[Records from a data source]
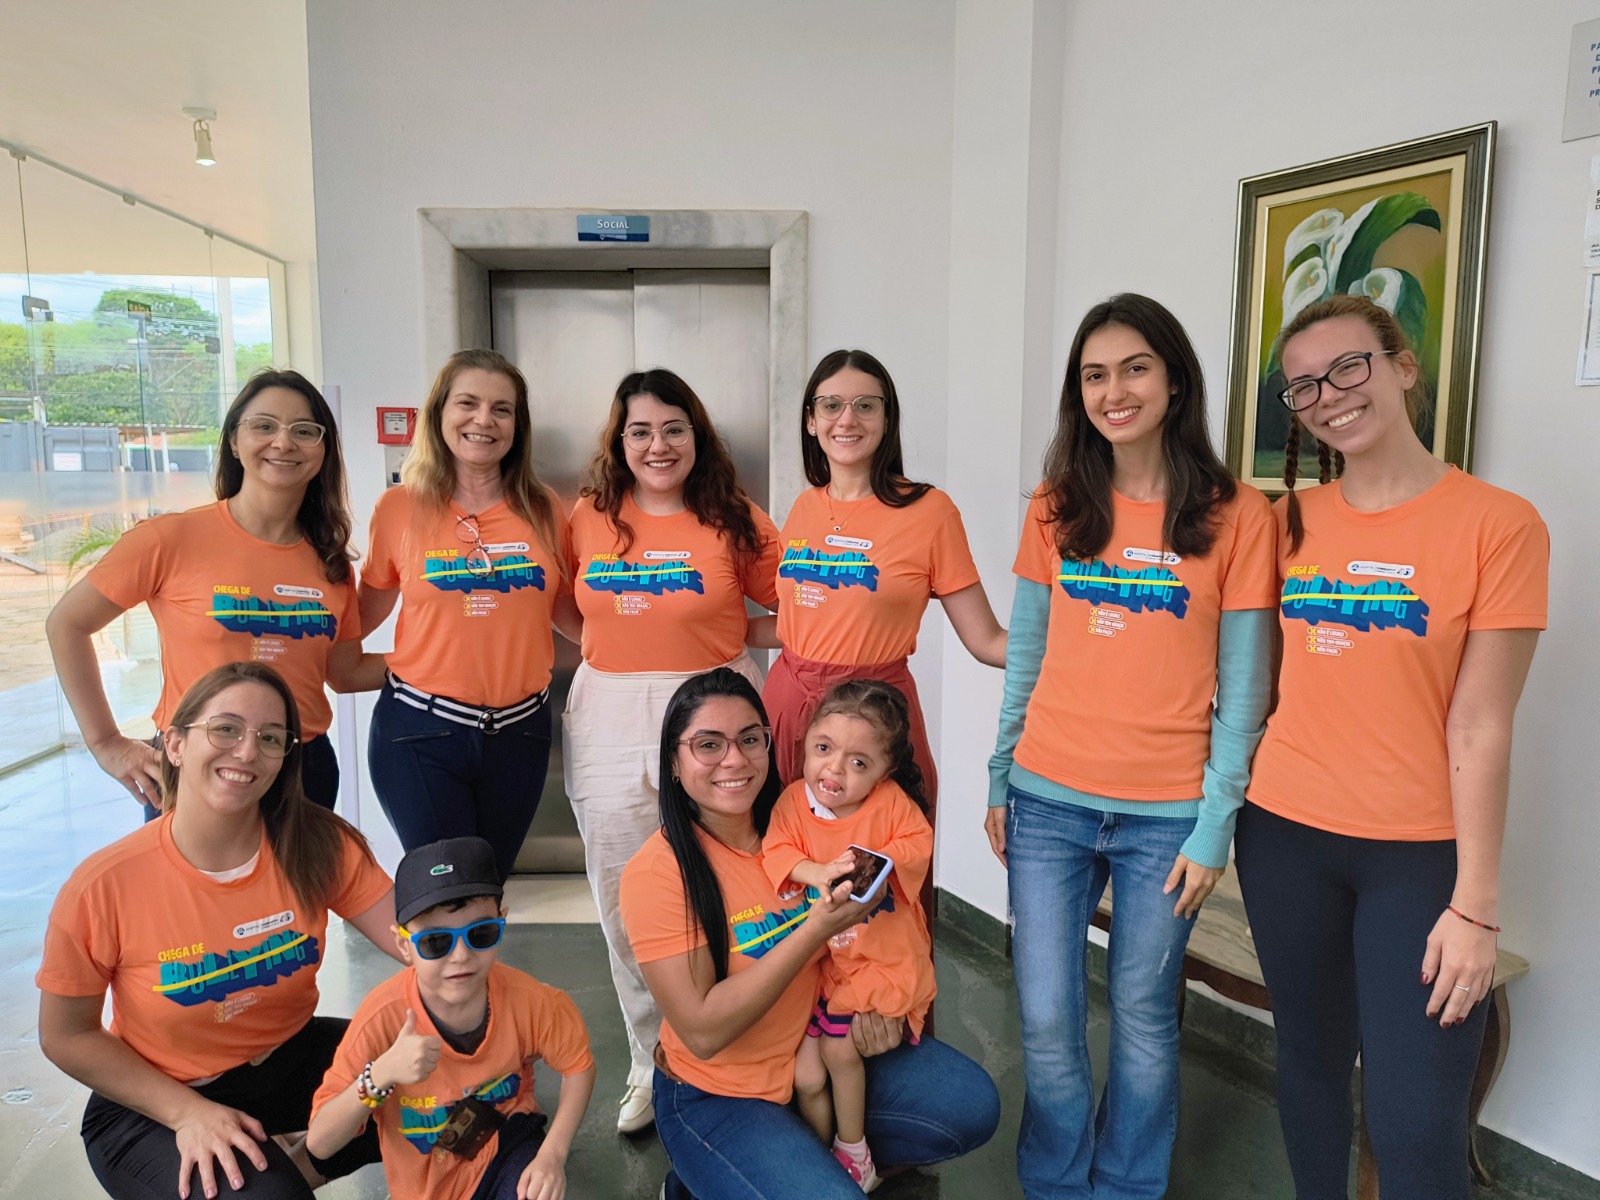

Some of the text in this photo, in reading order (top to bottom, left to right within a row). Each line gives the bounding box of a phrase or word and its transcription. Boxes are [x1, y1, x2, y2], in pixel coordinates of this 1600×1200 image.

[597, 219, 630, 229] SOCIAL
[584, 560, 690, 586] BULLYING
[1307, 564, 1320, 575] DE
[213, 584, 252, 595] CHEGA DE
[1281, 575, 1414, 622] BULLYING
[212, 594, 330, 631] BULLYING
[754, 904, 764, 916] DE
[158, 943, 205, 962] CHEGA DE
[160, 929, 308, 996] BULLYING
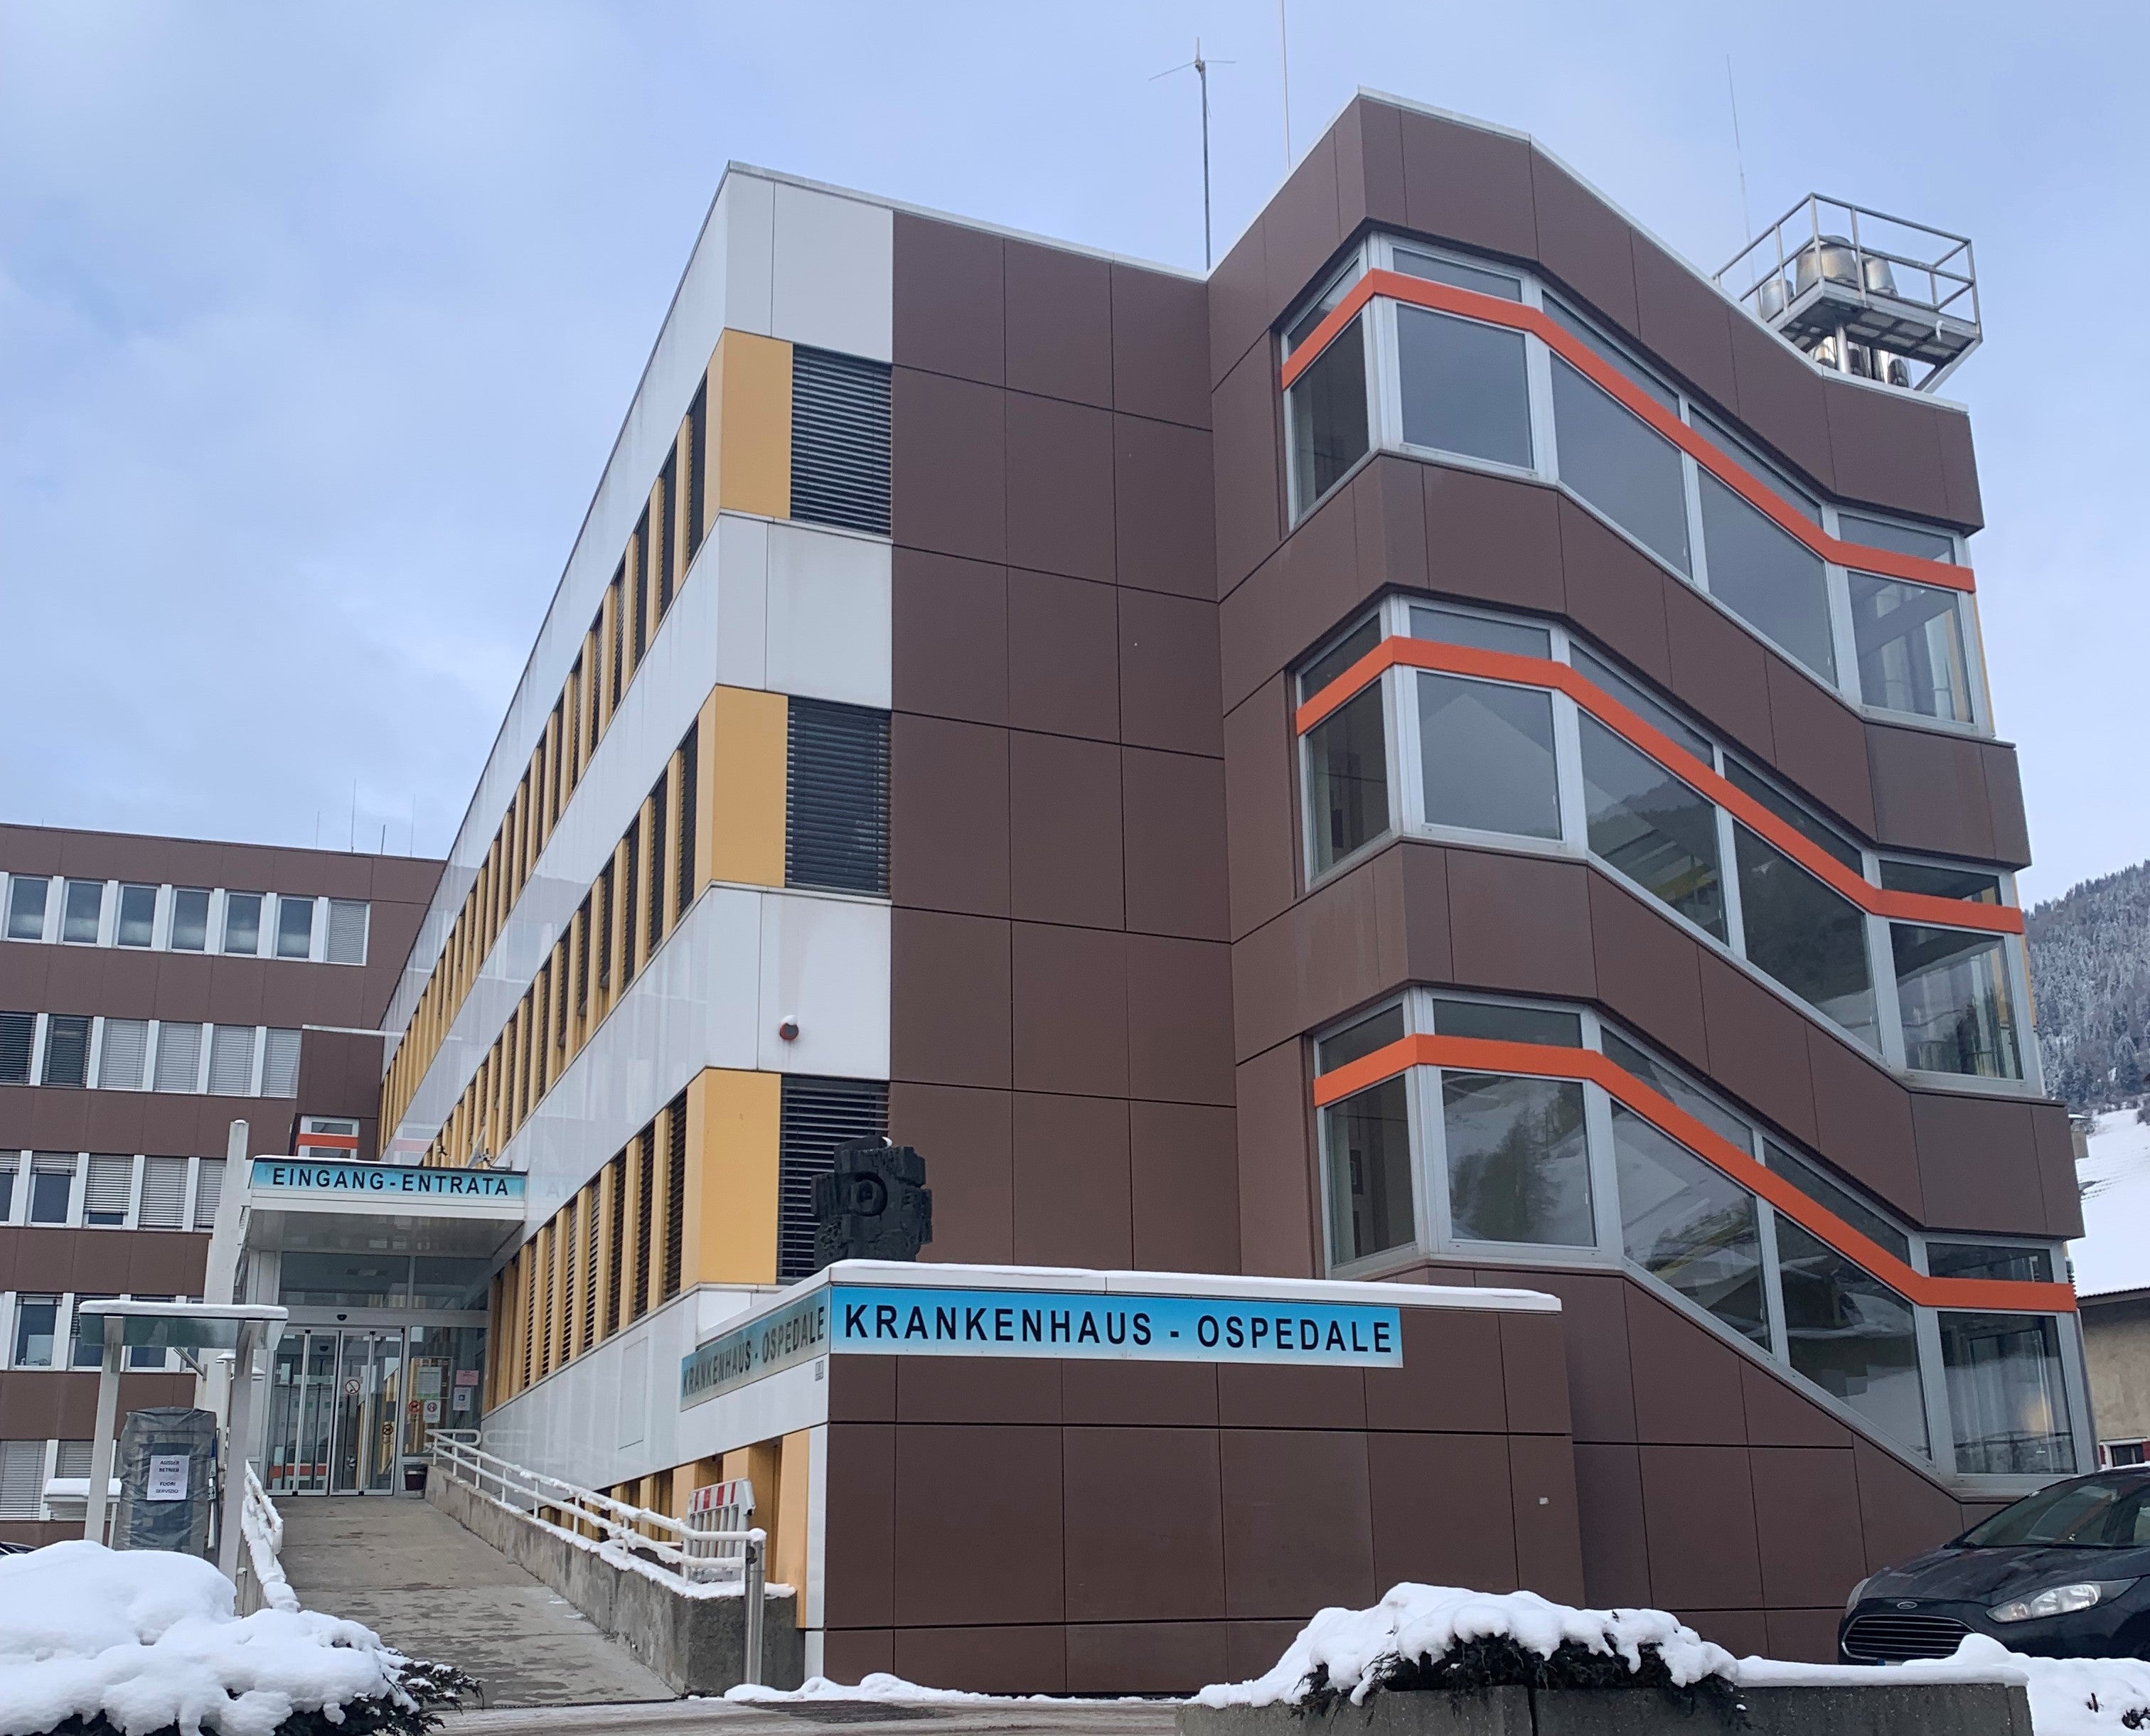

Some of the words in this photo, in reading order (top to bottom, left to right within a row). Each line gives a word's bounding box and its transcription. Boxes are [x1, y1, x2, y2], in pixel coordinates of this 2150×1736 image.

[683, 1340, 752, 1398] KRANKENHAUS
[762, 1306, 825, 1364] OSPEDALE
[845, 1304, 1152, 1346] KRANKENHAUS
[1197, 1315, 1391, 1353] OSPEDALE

[Your task] The entries above need to be transcribed word for word, and the pictures stay out.

[Solution for this task]
Some of the text in this photo, in reading order (top to bottom, left to right within a row). Each line gives the bounding box of a phrase or word and its transcription. Boxes are [x1, y1, x2, y2], in pixel coordinates of this 1600×1200 image.

[597, 219, 630, 229] SOCIAL
[584, 560, 690, 586] BULLYING
[1307, 564, 1320, 575] DE
[213, 584, 252, 595] CHEGA DE
[1281, 575, 1414, 622] BULLYING
[212, 594, 330, 631] BULLYING
[754, 904, 764, 916] DE
[158, 943, 205, 962] CHEGA DE
[160, 929, 308, 996] BULLYING

Some of the words in this photo, in reading order (top to bottom, left to right within a row). Each line gives a word's bounding box and its transcription. Boxes are [x1, y1, x2, y2], in pixel coordinates of this 2150×1736 image.

[683, 1340, 752, 1398] KRANKENHAUS
[762, 1306, 825, 1364] OSPEDALE
[845, 1304, 1152, 1346] KRANKENHAUS
[1197, 1315, 1391, 1353] OSPEDALE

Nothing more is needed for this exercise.